The FMLA applies to all medical conditions of covered employees, requiring an employer to grant medical leave to an employee under specific circumstances. The ADA makes it unlawful for an employer to discriminate based on disability, which is defined as a mental or physical impairment that significantly restricts a major life function. Not all medical conditions are disabilities, and there are times when therapy or care for a medical condition will remove an employee’s impairment, but there are many circumstances when ADA does apply to a medical condition.

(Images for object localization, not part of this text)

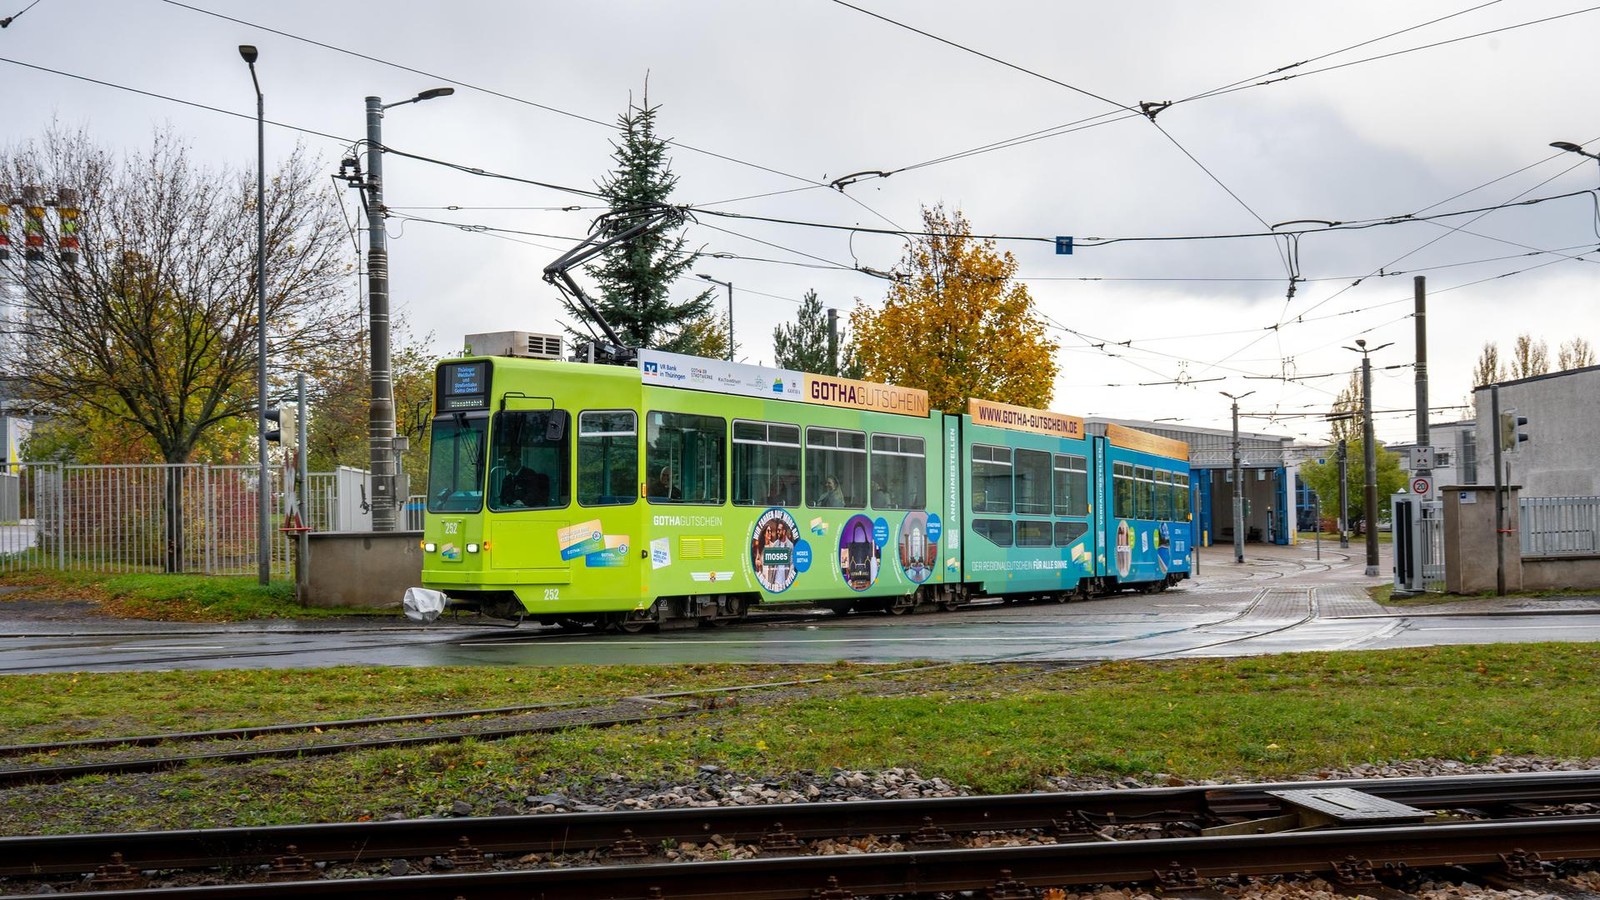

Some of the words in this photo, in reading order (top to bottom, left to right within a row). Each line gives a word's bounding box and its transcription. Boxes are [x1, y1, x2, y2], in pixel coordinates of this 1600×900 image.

[665, 371, 686, 381] Thüringen
[811, 380, 925, 412] GOTHAGUTSCHEIN
[979, 406, 1078, 434] WWW.GOTHA-GUTSCHEIN.DE
[1416, 482, 1426, 491] 20
[653, 515, 723, 526] GOTHAGUTSCHEIN
[445, 522, 458, 535] 252
[765, 553, 788, 561] moses
[971, 561, 983, 571] DER
[1033, 558, 1043, 570] FÜR
[1043, 560, 1054, 570] ALLE
[1054, 560, 1067, 570] SINNE
[544, 588, 559, 600] 252
[660, 599, 668, 607] 20

GINA makes it illegal for an employer with 15 or more employees to discriminate against you as an employee or as an applicant for a job based on your genetic information. Employers are also limited in how and when they can obtain this information and disclose it to others.
When Does FMLA Apply?
The FMLA only applies to employees who work at least 1,250 hours per year for companies that employ a minimum of 50 employees. If you work for a smaller company and suffer medical discrimination, you should explore your options under ADA, which applies to employers with a minimum of 15 employees.

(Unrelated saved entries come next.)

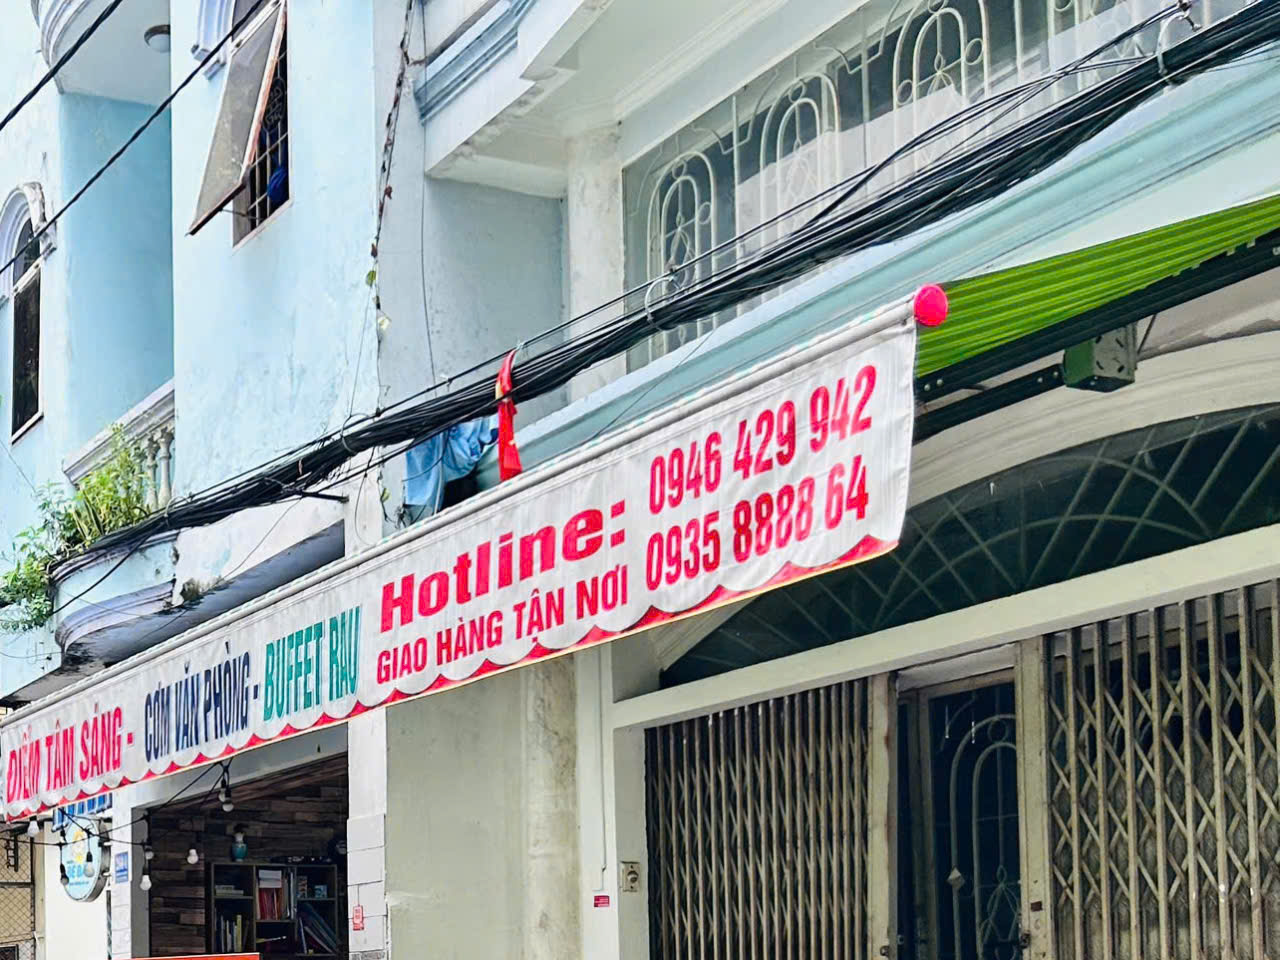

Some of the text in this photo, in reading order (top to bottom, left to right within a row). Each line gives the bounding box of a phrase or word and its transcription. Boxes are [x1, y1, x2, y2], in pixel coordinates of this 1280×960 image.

[376, 453, 871, 687] GIAO HÀNG TẬN NƠI 0935 8888 64
[380, 364, 878, 634] Hotline: 0946 429 942
[45, 717, 75, 788] TÂM
[79, 702, 123, 782] SÁNG
[144, 680, 172, 764] CƠM
[174, 660, 200, 753] VĂN
[203, 640, 250, 742] PHÒNG
[262, 621, 324, 722] BUFFET

Under FMLA, an employee who suffers from a medical condition or illness that renders him or her incapacitated can take 12 weeks of unpaid leave during any 12-month period. The leave can also be taken under other circumstances related to hospital care, such as childbirth or to take care of family responsibilities related to a spouse, child, or parent with a serious health condition.
You should consult a lawyer if your employer takes an adverse action against you when you come back from FMLA leave. Violations of FMLA may also exist if a supervisor says something hostile when you request leave, if a supervisor denies you leave by claiming your ailment is too minor, or if a supervisor discloses your private medical information or penalizes you for taking an unforeseen and sudden leave.
An employee will not be eligible for FMLA leave until they have worked for their employer for at least 12 months.
Unlike a number of other federal anti-discrimination laws that are enforced by the Equal Employment Opportunity Commission (EEOC), FMLA is administered by the Department of Labor. During the period of leave, the employee will continue to have benefits, and he or she is entitled to resume his or her job or an equivalent job with the employer after the leave. Additionally, a covered employer must provide an intermittent or reduced work schedule if an employee has a medical need. Under some circumstances, the employer may legally transfer the employee to an alternative position with equivalent pay and benefits that better suits the reduced schedule.
Employees have certain obligations under FMLA. For example, an employee with a medical condition must make reasonable efforts to avoid disrupting the workplace by scheduling foreseeable medical treatment. If medical leave is foreseeable, he or she must tell the employer 30 days in advance that he or she will need the leave. Employers can ask for a certification of medical needs and seek a second opinion to corroborate the employee’s need for leave.
Employers may not retaliate against an employee for filing a charge of discrimination or opposing discrimination. An employee can prove retaliation by showing he or she was a victim of a material adverse employment action as a result of exercising rights under FMLA.